The month of January has been home to many historical events over the years. Here’s a look at some that helped to shape the world in Jan. 1925.
• Christiania, the capital city of Norway, is renamed “Oslo” on Jan. 1.
• Violence plagues Italy on Jan. 2 as part of the fallout of Benito Mussolini’s crackdown on opposition newspapers. Though King Victor Emmanuel III refuses to grant Mussolini the dictatorial powers the latter requested, he grants the Prime Minister tacit permission to respond to the violence how he sees fit.
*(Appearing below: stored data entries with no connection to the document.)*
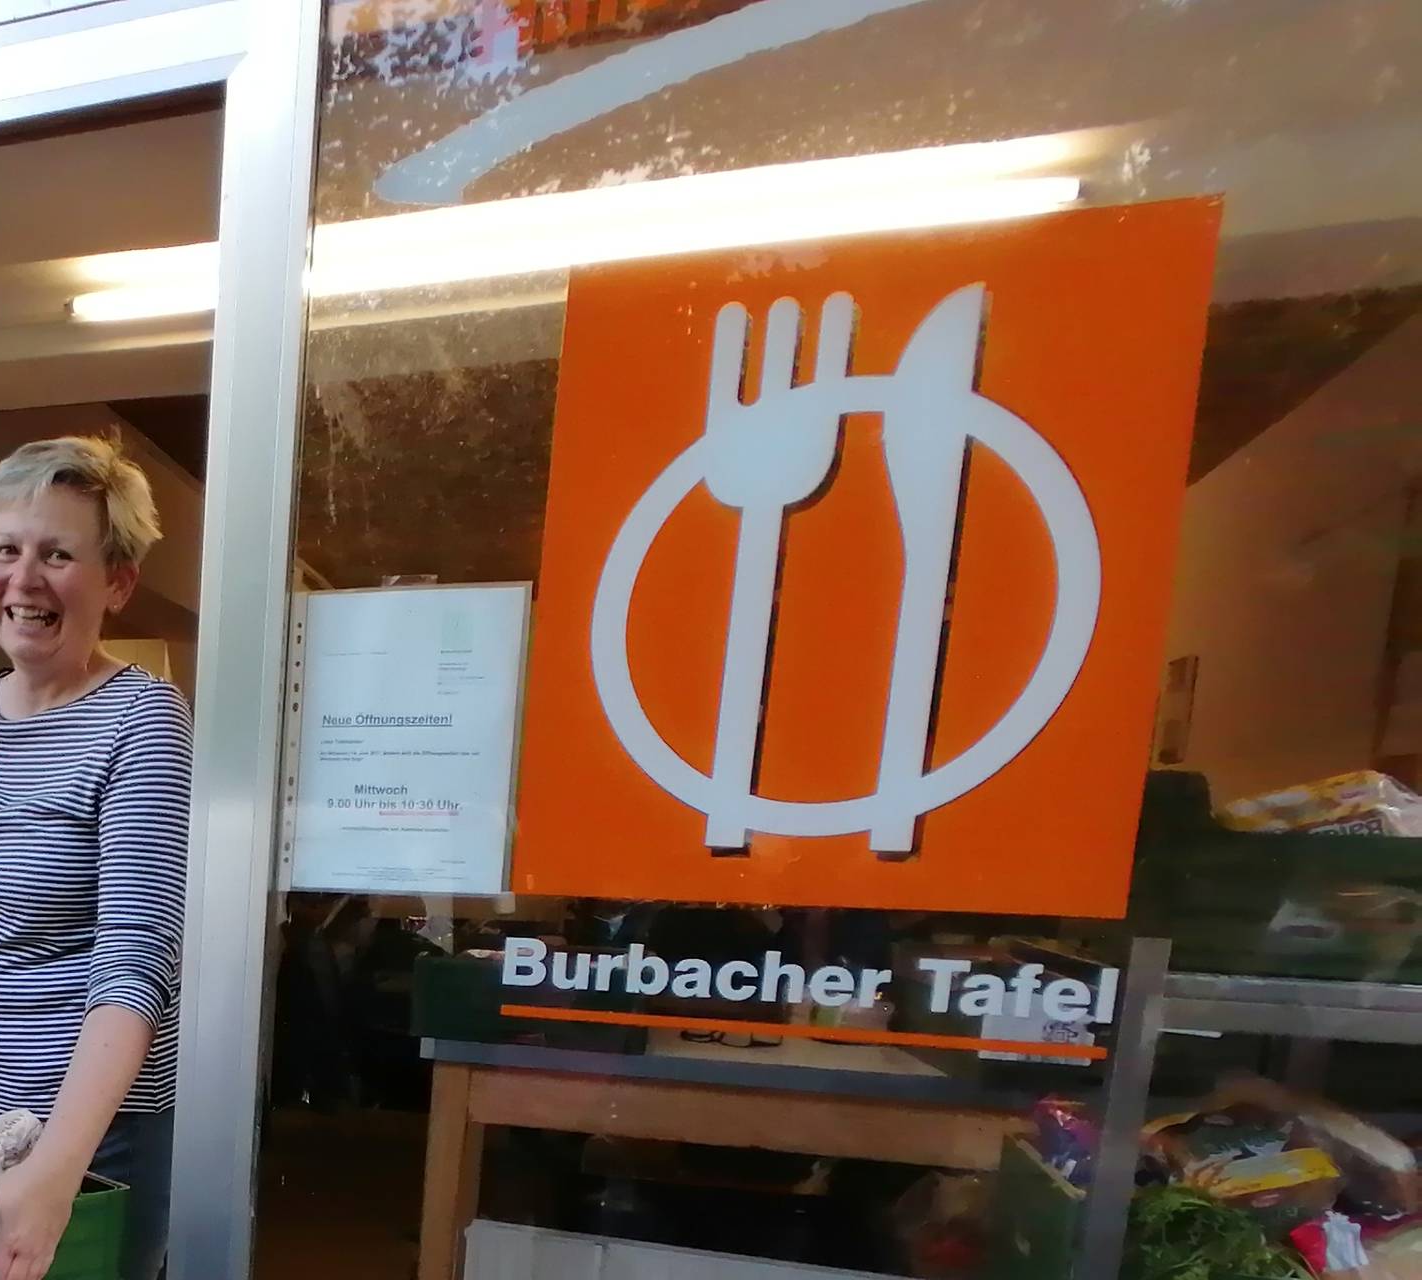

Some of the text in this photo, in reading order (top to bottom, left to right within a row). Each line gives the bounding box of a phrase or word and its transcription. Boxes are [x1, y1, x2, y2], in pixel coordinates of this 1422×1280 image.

[322, 712, 453, 727] Neue Öffnungszeiten!
[354, 784, 408, 795] Mittwoch
[355, 799, 375, 809] Uhr
[379, 799, 398, 810] bis
[501, 937, 1120, 1024] Burbacher Tafel
• Nellie Tayloe Ross is inaugurated as the Governor of Wyoming on Jan. 5, becoming the first woman elected to a gubernatorial office in United States history.
• Bhanupratap Deo is proclaimed as the new Raja of the princely state of Kanker within British India on Jan. 8. The 3-year-old would rule until 1947, when the princely states are abolished as India gains its independence.
• The British submarine HMS L24 sinks in the English channel on Jan. 10. The submarine had collided with the Royal Navy battleship HMS Resolution, killing all 43 men aboard the L24.
• Al Capone survives an assassination attempt made by the North Side Gang on Jan. 12 in Chicago. Capone was conducting business inside a State Street restaurant when the rival gang riddled his car with bullets, prompting the mobster to order a bulletproof Cadillac.
• Joseph Stalin fires Leon Trotsky as Commissar for Military and Navy Affairs on Jan. 15. A prominent critic of Stalin, Trotsky is eventually murdered at his home in Mexico City by a Stalinist agent in 1940.
• Huddie Ledbetter, better known as “Lead Belly,” is granted a full pardon by Texas governor Pat Morris Neff on Jan. 16. The blues musician had served seven years of his prison sentence after being found guilty of killing a relative over a fight for a woman.
• “The Gentleman Bandit” Gerald Chapman is arrested in Muncie, Indiana on Jan. 18. Chapman is apprehended thanks in part to informant Ben Hance, who is murdered in August in a killing that is believed to have been performed as retaliation for Chapman’s incarceration.
• Roy Olmstead, a lieutenant in the Seattle Police Department, is indicted by a federal grand jury on Jan. 19. Olmstead is accused of smuggling alcohol into the country from Canada in violation of the Volstead Act.
• Curtis Welch, the only doctor in Nome, Alaska, sends an urgent message via radio telegram on Jan. 22. The message alerts all major Alaskan towns of an impending outbreak of diphtheria, while a second message sent to the U.S. Public Health Service in Washington, D.C. highlights the desperate need for antitoxin. Roughly 300,000 units of antitoxin are discovered in Anchorage on Jan. 26, temporarily containing the epidemic.
• Paul Newman is born in Shaker Heights, Ohio, on Jan. 26. The son of Theresa Garth and sporting goods store owner Arthur Sigmund Newman, Sr., the younger Newman would grow up to become one of the world’s most recognizable movie stars and a devoted philanthropist.
• A riot breaks out in Berlin on Jan. 27. Numerous injuries are reported as monarchists, communists and republicans clash during demonstrations held on the birthday of ex-kaiser Wilhelm II.
• On Jan. 28, nominee to the U.S. Supreme Court Harlan Fiske Stone testifies before the U.S. Senate Judiciary Committee. Stone is eventually confirmed by a vote of 71 to 6.
• After nearly a year of fighting and 14,000 deaths, the Khost rebellion against King Amanullah Khan is ended in Afghanistan on Jan. 30. The rebellion is ultimately unsuccessful, but many of the king’s reforms are delayed until 1928.